Army-led formation of the U.S. Armed Forces on the Western Front of World War I

The American Expeditionary Forces (AEF) (Note: 'The military units sent overseas by the U.S. government were designated as the American Expeditionary Forces (AEF) in 1917. The AEF is often cited incorrectly as the "American Expeditionary Force." The AEF consisted of American troops not only on the Western Front but also in Great Britain, Italy, Poland, and Russia, hence the use of the word "Forces.") was a formation of the United States Armed Forces on the Western Front during World War I, composed mostly of units from the U.S. Army. The AEF was established on July 5, 1917, in Chaumont, France, under the command of Major General John J. Pershing. It fought alongside French Army, British Army, Canadian Expeditionary Force, British Indian Army, New Zealand Army and Australian Army units against the Imperial German Army.
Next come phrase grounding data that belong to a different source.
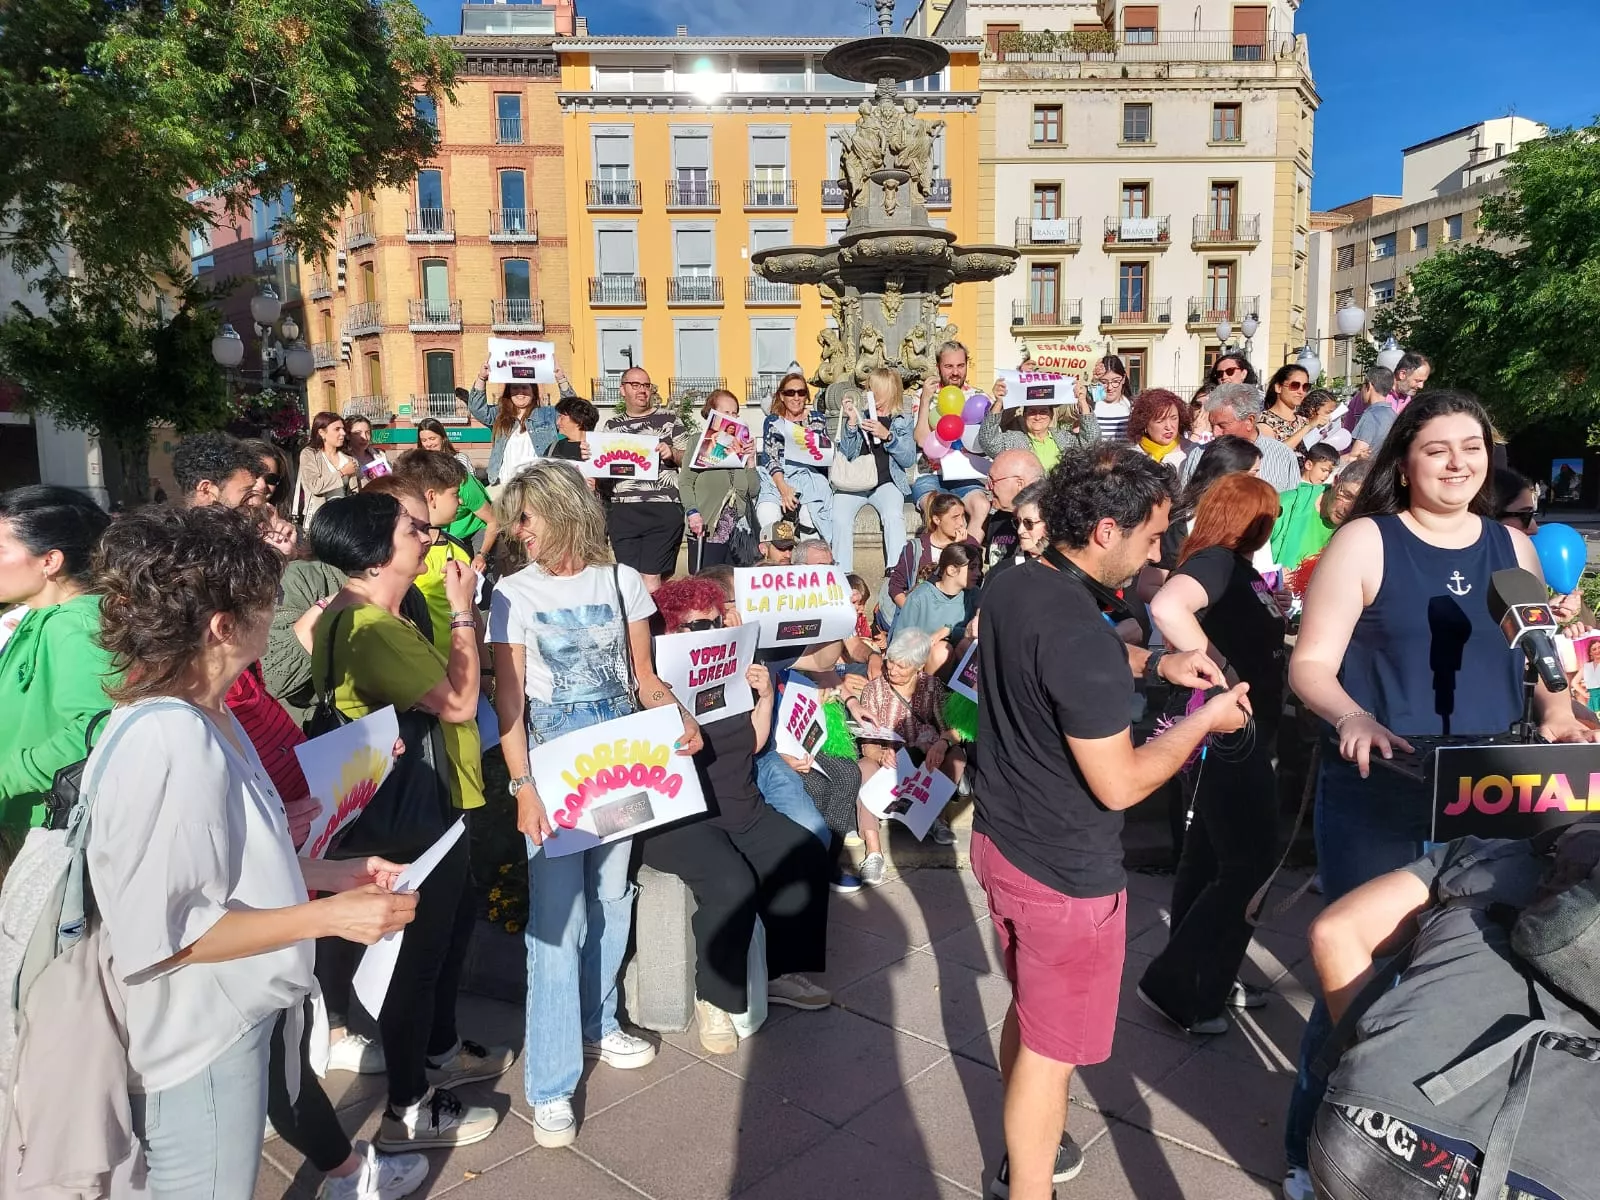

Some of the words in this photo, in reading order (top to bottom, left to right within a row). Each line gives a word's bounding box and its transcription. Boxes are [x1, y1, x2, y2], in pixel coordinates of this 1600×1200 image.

[824, 187, 842, 196] POD
[1036, 343, 1093, 353] ESTAMOS
[1037, 356, 1087, 369] CONTIGO
[1019, 372, 1063, 384] LORENA
[593, 449, 652, 472] GANADORA
[751, 571, 820, 591] LORENA
[826, 571, 836, 586] A
[746, 595, 770, 613] LA
[776, 584, 844, 612] FINAL!!!
[689, 644, 727, 667] VOTA
[728, 641, 737, 658] A
[688, 657, 738, 688] LORENA
[794, 699, 818, 742] ORENA
[560, 738, 671, 792] LORENA
[553, 762, 684, 830] GANADORA
A small number of AEF troops also fought alongside Italian Army units in 1918 against the Austro-Hungarian Army. The AEF helped the French Army on the Western Front during the Aisne Offensive (at the Battle of Château-Thierry and Battle of Belleau Wood) in the summer of 1918, and fought its major actions in the Battle of Saint-Mihiel and the Meuse-Argonne Offensive in the latter part of 1918.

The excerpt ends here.